By Henry Srebrnik, [Calgary, Alberta] Jewish Free Press
In the current crisis over the status of
Jerusalem, following President Donald Trump’s recognition of the
city as Israel’s capital, some background is in order.
Before the First World War, “Palestine” had
been a non-existent country of uncertain size, never sovereign
and for centuries part of the Ottoman Turkish Empire.
After the Versailles peace settlement, it
acquired a formal designation and boundaries, when in 1922 it
was officially created by the League of Nations. Known as the
Palestine Mandate, it came under British jurisdiction.
In addition to direct British rule in western
Palestine, which the 1917 Balfour Declaration had earmarked as
the venue for a national home for the Jewish People, the Mandate
also included eastern Palestine. There, in 1921, the British
acknowledged the Hashemite Prince Abdullah ibn Hussein as its
governor.
So, while the original Palestine Mandate was
supposed to include all of what is today Jordan, in 1921 the
British lopped off everything east of the Jordan River and
created the puppet state of Transjordan.
Only in 1946 was it formally separated from
the Mandate and declared an independent state, as the British
understood that their rule over Palestine west of the Jordan was
coming to a close.
It’s
important to emphasize that this much smaller Palestine, from
the Mediterranean Sea to the Jordan River, existed for two
years -- from 1946 (the birth of Transjordan) until 1948 (the
birth of Israel).
Before
1946, as a border the Jordan River had little meaning for the
self-identification of most of the Arabs living on either
bank. The overwhelming majority did not self-identify
as Palestinian, but more often as Syrian or part of the greater
Arab nation.
Indeed,
the word Palestinian until 1948 was more closely associated
with Jews and Zionism than with the Arabs in the area. For
example, the Jerusalem Post newspaper was called the Palestine
Post. The Palestine Symphony consisted entirely of Jewish
musicians.
On
the other hand, the Arabs in the Mandate who fought against
Jewish independence were united under the name Arab Higher
Committee, which had been established in 1936.

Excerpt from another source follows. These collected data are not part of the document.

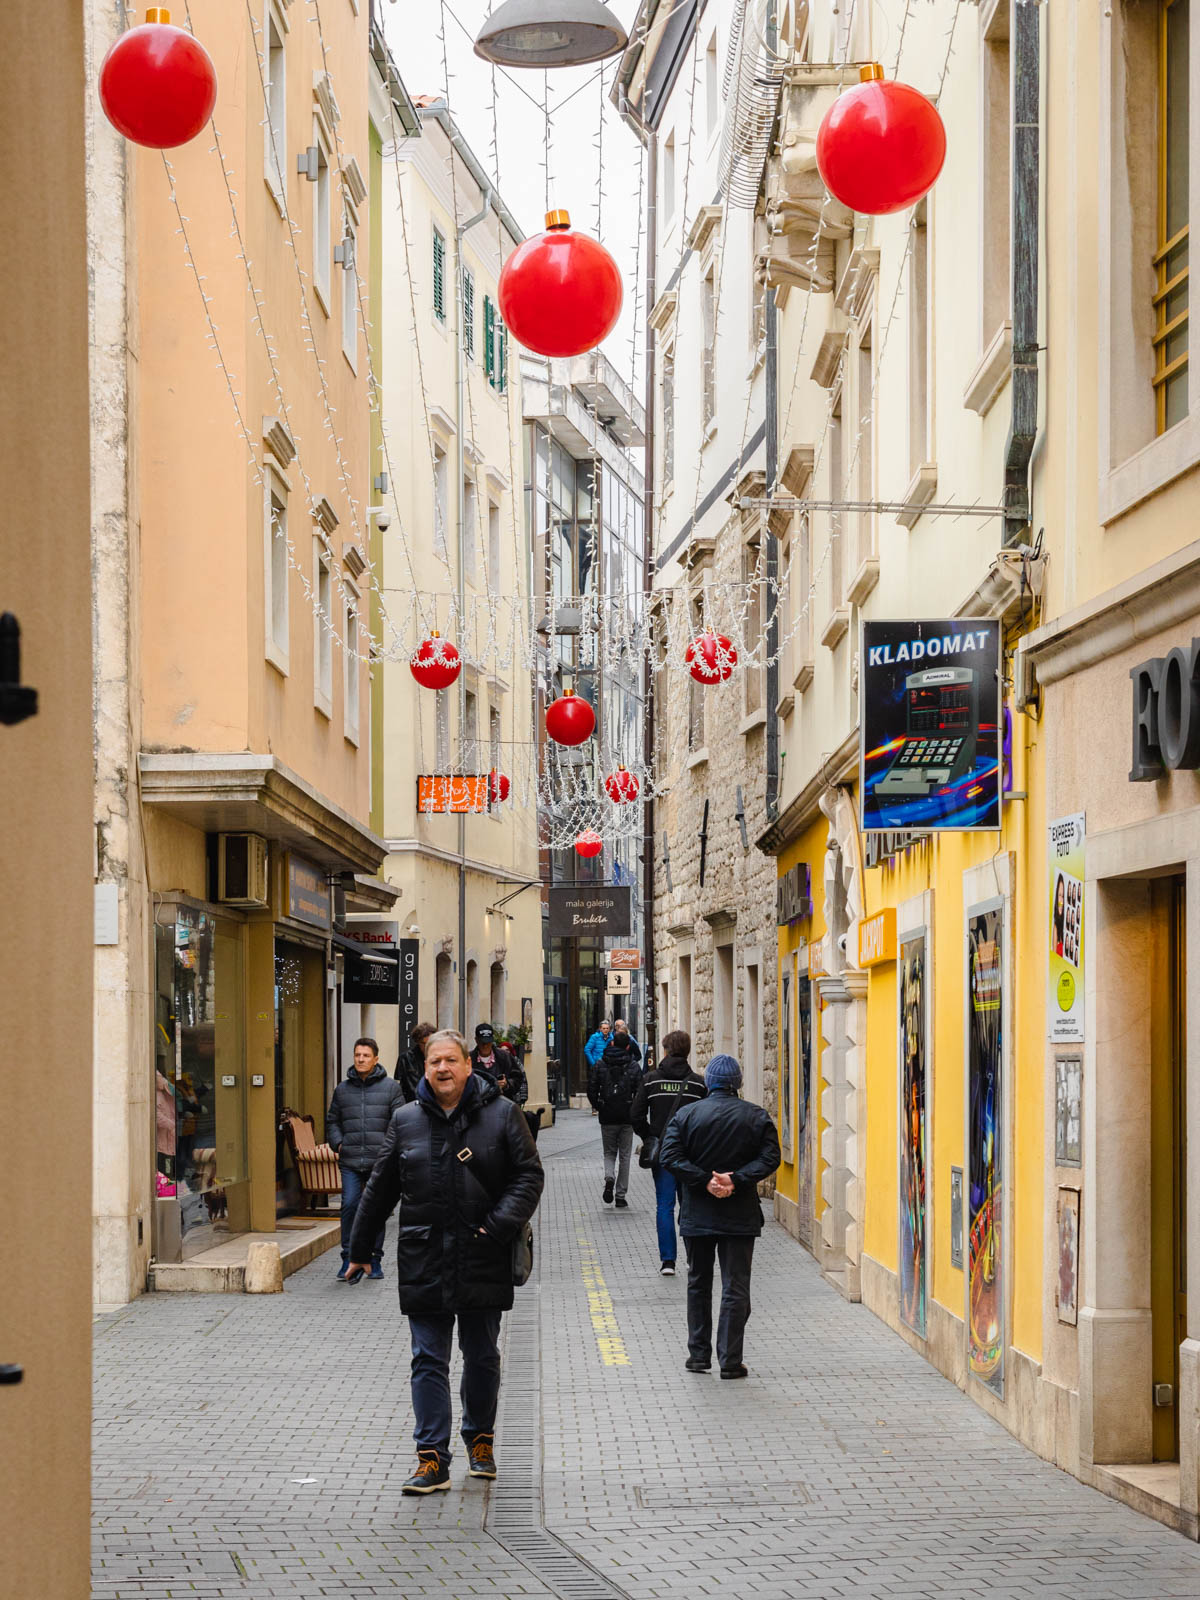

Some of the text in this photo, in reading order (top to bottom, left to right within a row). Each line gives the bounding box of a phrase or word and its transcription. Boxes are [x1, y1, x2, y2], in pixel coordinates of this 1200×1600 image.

[869, 630, 989, 666] KLADOMAT
[925, 672, 951, 681] ADMIRAL
[1128, 636, 1200, 782] FO
[1052, 821, 1074, 841] EXPRESS
[1056, 840, 1070, 858] FOTO
[565, 898, 614, 909] mala galerija
[572, 913, 609, 925] Bruketa
[340, 930, 392, 942] KS Bank
[404, 952, 415, 1048] galeri
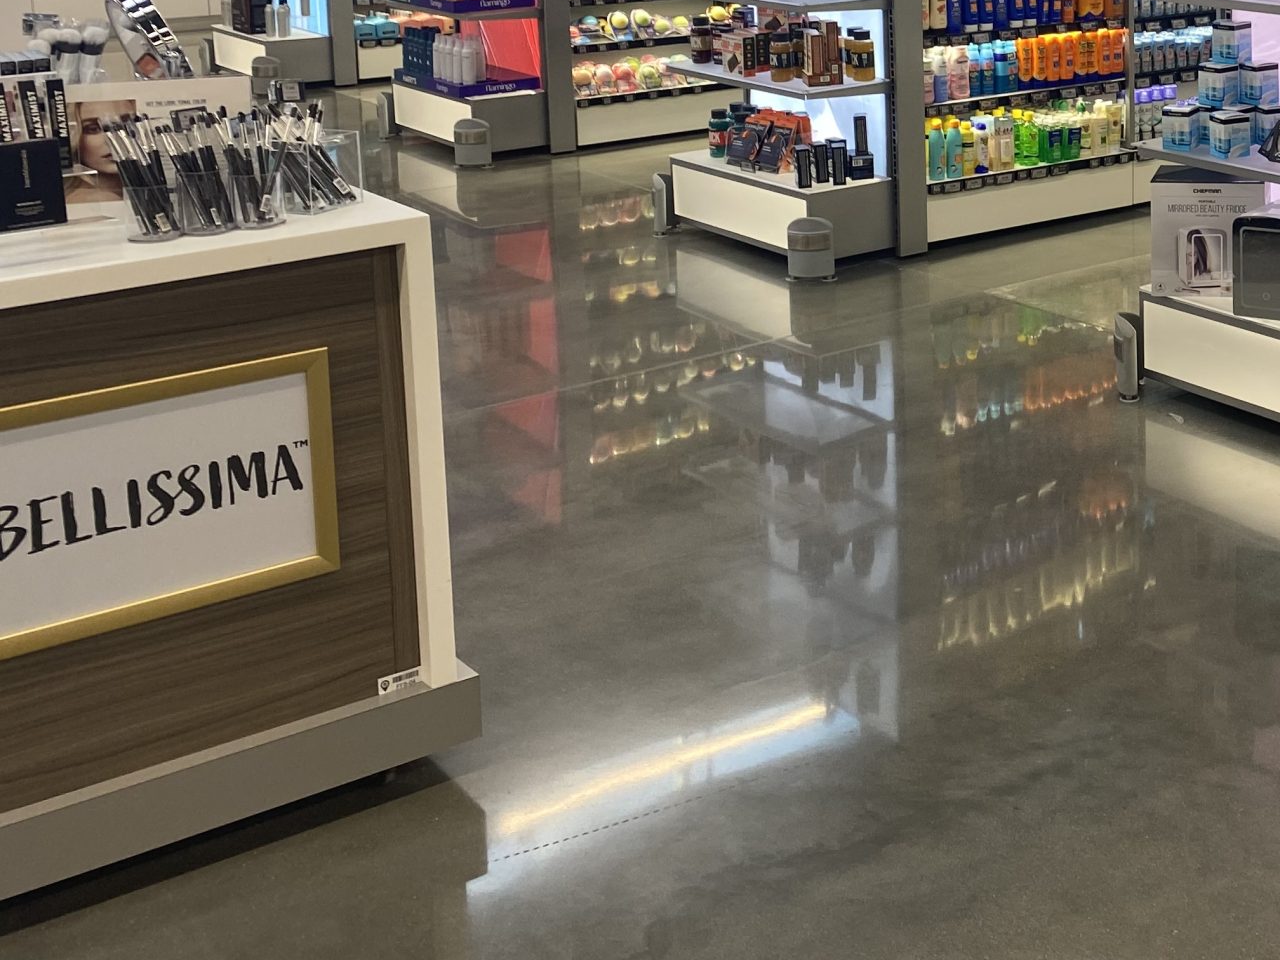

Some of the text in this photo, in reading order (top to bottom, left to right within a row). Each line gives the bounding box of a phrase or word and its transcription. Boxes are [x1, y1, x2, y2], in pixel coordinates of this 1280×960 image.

[485, 83, 516, 92] flamingo
[26, 90, 45, 138] MAXIMIST
[54, 90, 69, 138] MAXIMIST
[1167, 203, 1247, 214] MIRRORED BEAUTY FRIDGE
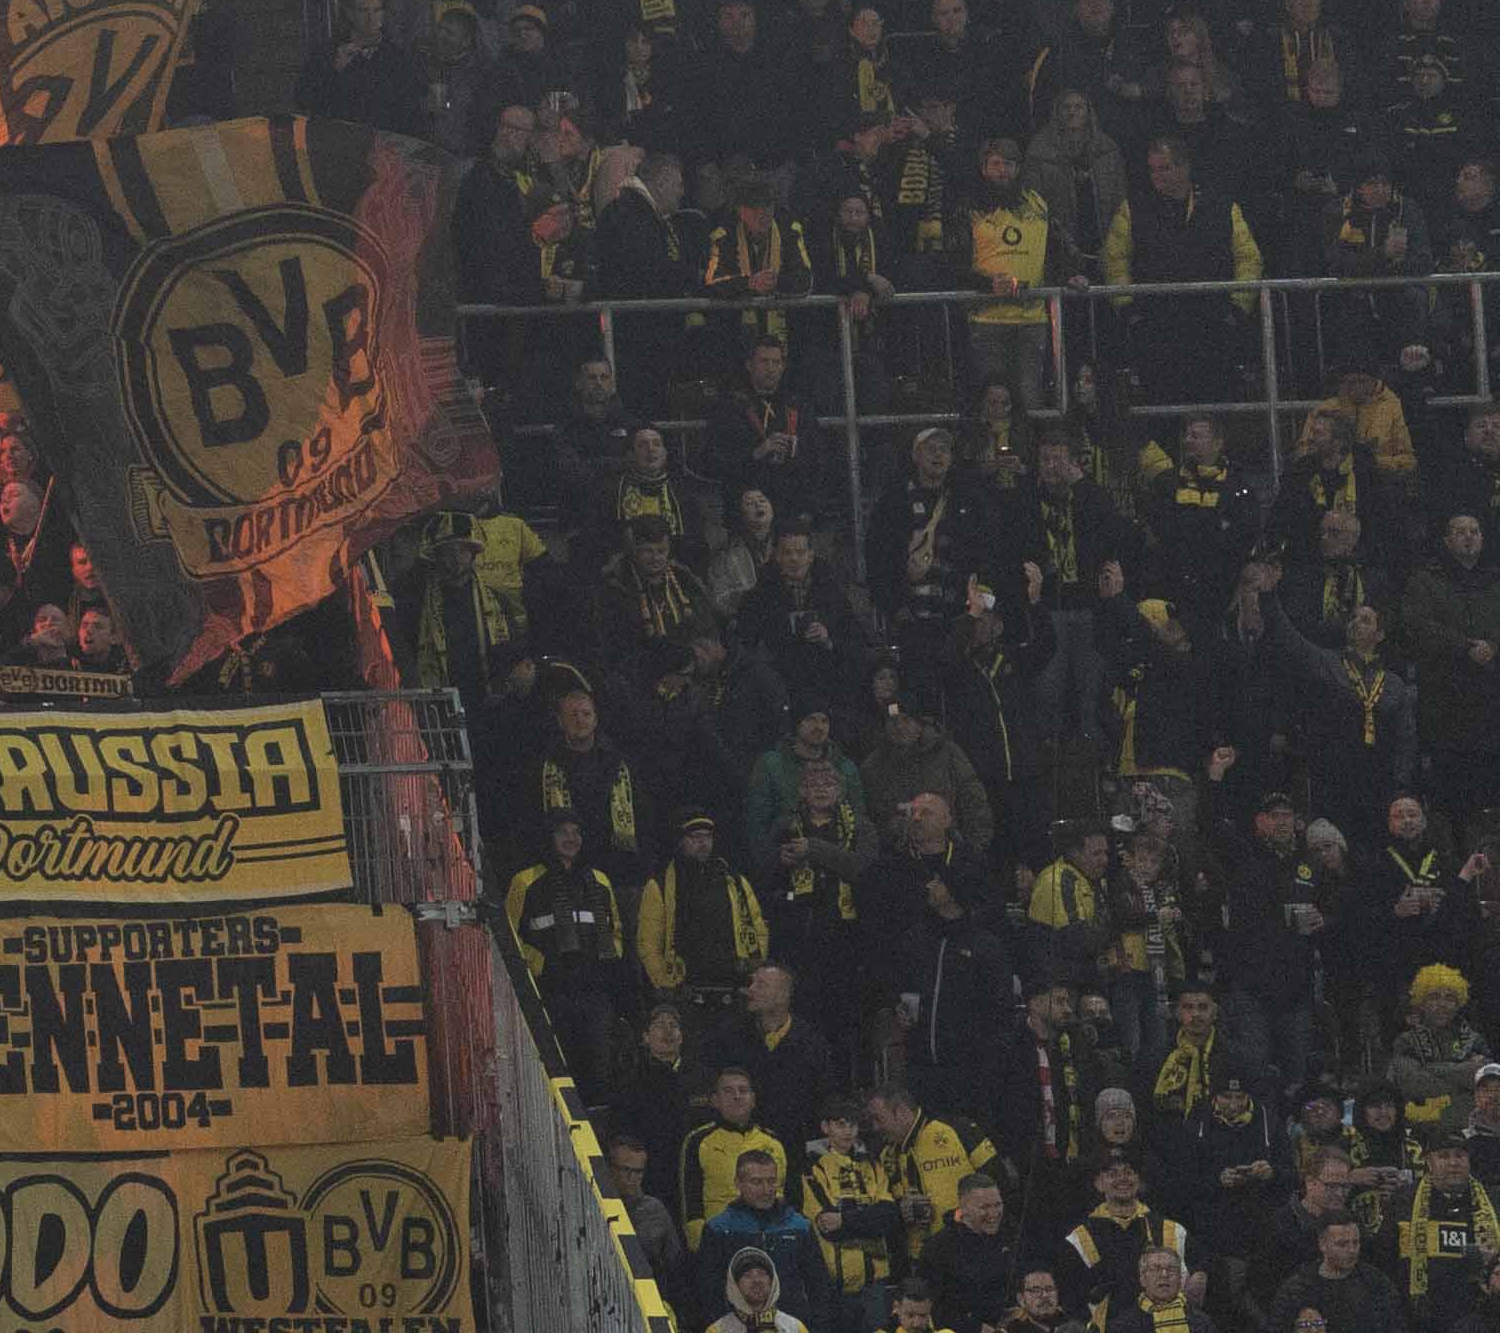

The UN-backed partition plan of 1947 proposed
partitioning western Palestine between a “Jewish State” and an “Arab State.”
These two were designed as ethnic jurisdictions.
But the Arabs in Palestine, joined by the
neighbouring Arab states, refused to accept the partition. And
once the Jews in Palestine declared independence in 1948, war
ensued.
In the conflict that followed, the
British-led Arab Legion captured all of what we now call the
West Bank, including the Old City of Jerusalem and east
Jerusalem. (Egypt retained what became known as the Gaza Strip.)
The country, now renamed Jordan, in effect
became a Palestinian Arab-majority state run by Bedouin tribes
under Hashemite rule. No
Palestinian state was created in the old Mandate.
Between 1949 and 1967, in effect a version of
the “two-state” solution – Arab rule (though not Palestinian) in
the West Bank and Gaza, alongside Israel -- was in effect.
Yet the Palestine Liberation Organization was
created in 1964, three years prior to the Israeli occupation of
those territories. Obviously, they were planning to “liberate”
Israel proper.
The Palestinians on the West Bank and Gaza
could have had a state after 1949. Why didn
’t they cast off
Egyptian and Jordanian administration and create one, with east
Jerusalem as their capital?
Indeed, when Jordan’s Arab Legion conquered
the Old City, its Jewish Quarter and surrounding neighborhoods,
it forced out every Jew. Before that, Jews were a large and
integral part of what is now called East Jerusalem, and at times
were the majority population.
So the Palestinians didn’t even need to evict
Jews from the city -- yet hey allowed Jordan to govern Arab-held
Jerusalem.
Doesn't it say something that they made no
real effort to found a state? Wasn’t Jordan’s annexation –
recognized by only three countries, Great Britain, Iraq, and
Pakistan -- also an occupation? Is it because the Palestinians
were content to live under Muslim Arab rule?
Instead,
their focus was bent on destroying Israel because they
considered the Jewish state -- remember, in its pre-1967
boundaries -- illegitimate. Openly irredentist groups like
Hamas still make that explicit.
Nonetheless,
every people has the right to self-definition as well as
self-determination, and in any final settlement, Israeli Jews
and Palestinian Arabs would have to acknowledge each other as
distinct and legitimate nationalities, were peace ever to come
to this troubled land.
It
will require majority Palestinian areas to become sovereign,
while concurrently on their part acknowledging the legitimacy
of the Jewish state of Israel in its ancient homeland.
This
will doubtless require border adjustments of various sorts,
perhaps even involving Jordan, and determining the thorny
issue of the final status of Jerusalem. A viable Palestinian
state would have to be larger than its present configuration.